As of March, Nadeau had raised approximately $214,704, more than her three opponents combined. Such an advantage can have a marked effect in the final weeks of a local race, when a well-funded candidate can pay for advertising to inundate voters tuning in to the election. Yet some in the ward say the race remains unsettled.
“I think a lot of people are undecided still,” said Mindy Moretti, a former ANC commissioner and longtime Adams Morgan resident who is not aligned with any of the candidates. “I think there is definitely some anti-incumbent sentiment in the ward, but I don’t know that all those people are all that enamored” of Nadeau’s challengers.
D.C. Council member Anita Bonds (D-At Large), a stalwart in District politics who has served in the administrations of three mayors and chairs the D.C. Democratic State Committee, faces two challengers for the seat she has held since 2012. Marcus Goodwin had outraised her as of March, reporting $80,474 to Bonds’s $65,317. The other challenger, Jeremiah Lowery, has raised $31,799.
Goodwin, 28, grew up in the District, attended the University of Pennsylvania and works at Four Points, a real estate development company. He said he hopes to focus on workforce development if elected, strengthening the city’s laws that help minority businesses and creating better job-training programs.
He said that as chairwoman of the council’s Committee on Housing and Neighborhood Revitalization, Bonds had been ineffective in stanching the city’s loss of affordable housing.
“People see that Anita’s time is up,” Goodwin said.
Lowery is carrying the banner of the far left and has received endorsements from influential progressive groups, including Jews United for Justice and D.C. for Democracy.
Lowery, 32, opposes the city’s efforts to woo Amazon’s second headquarters and says he would work to ensure that the city’s landmark legislation guaranteeing eight weeks of paid family leave to private-sector workers is implemented properly.
He said Goodwin, while presenting himself as a fresh face in District politics, shares Bonds’s more centrist approach when it comes to policy.
“This is a race about where we stand on the issues. It’s not about that [Goodwin is] young and he’s new — no. He aligns with Anita Bonds on almost every issue,” Lowery said. “And I’m different. I’m more of the progressive champion in this race.”
Bonds defended her record on housing, saying she helped Bowser preserve an annual investment of $100 million in the city’s Housing Production Trust Fund. She also pointed to legislation she co-introduced that offers tax benefits to first-time home buyers.
Bonds said her power to address the city’s high rents and home prices is limited. “As a legislator and a member of the council, I don’t run any programs,” she said.

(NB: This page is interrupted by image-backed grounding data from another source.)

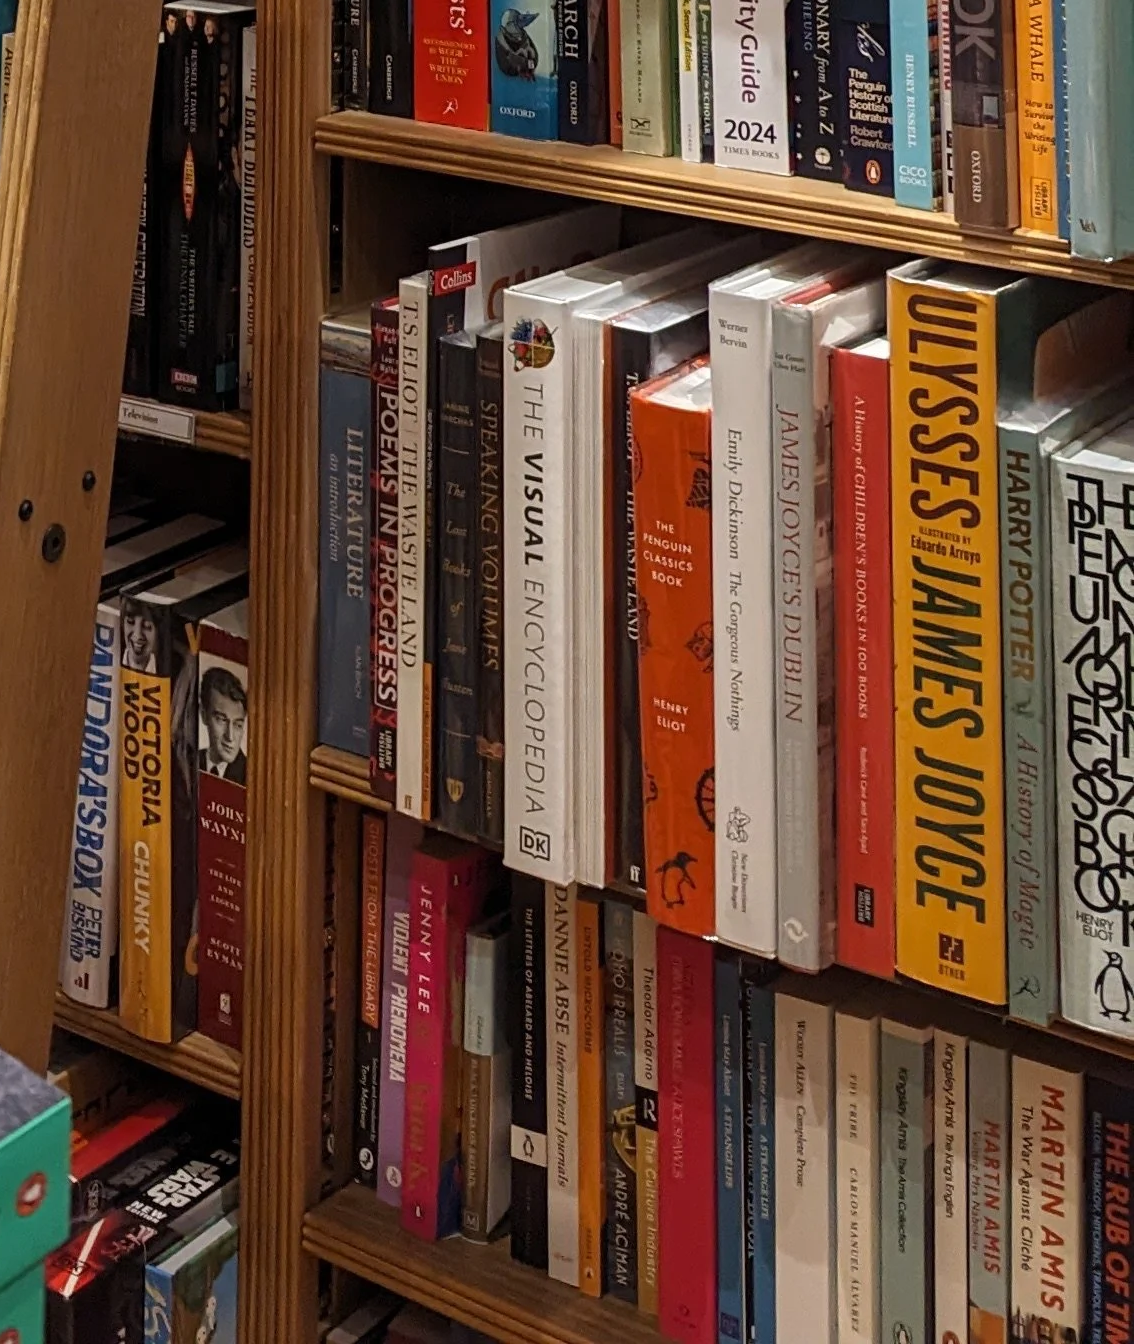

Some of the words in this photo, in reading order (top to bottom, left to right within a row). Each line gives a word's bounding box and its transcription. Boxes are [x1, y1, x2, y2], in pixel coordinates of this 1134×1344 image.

[738, 29, 760, 105] Guide
[724, 119, 777, 145] 2024
[439, 269, 473, 292] Collins
[908, 292, 982, 530] ULYSSES
[523, 453, 547, 566] VISUAL
[1005, 447, 1034, 560] HARRY
[912, 555, 986, 738] JAMES
[1007, 558, 1036, 683] POTTER
[124, 681, 140, 781] WOOD
[522, 573, 547, 813] ENCYCLOPEDIA
[142, 684, 162, 827] VICTORIA
[915, 744, 987, 926] JOYCE
[132, 840, 151, 956] CHUNKY
[1040, 1084, 1065, 1219] MARTIN
[1040, 1221, 1065, 1312] AMIS

She said that with the council’s budget deliberations ending, she is trying to devote more time to campaigning, talking to voters and setting up yard signs.
“Any time you’re in a political context, you’re vulnerable,” Bonds said. “I would never, ever say that I don’t feel vulnerable. I am working.”
An earlier version of this article erroneously stated that Ward 1 D.C. Council candidate Kent Boese received the endorsement of GLAA. The LGBT organization rates candidates but does not make endorsements. Its highest rating in Ward 1 went to incumbent council member Brianne K. Nadeau, who received a rating of +9.5 (on a scale of -10 to +10). Boese’s rating was +9.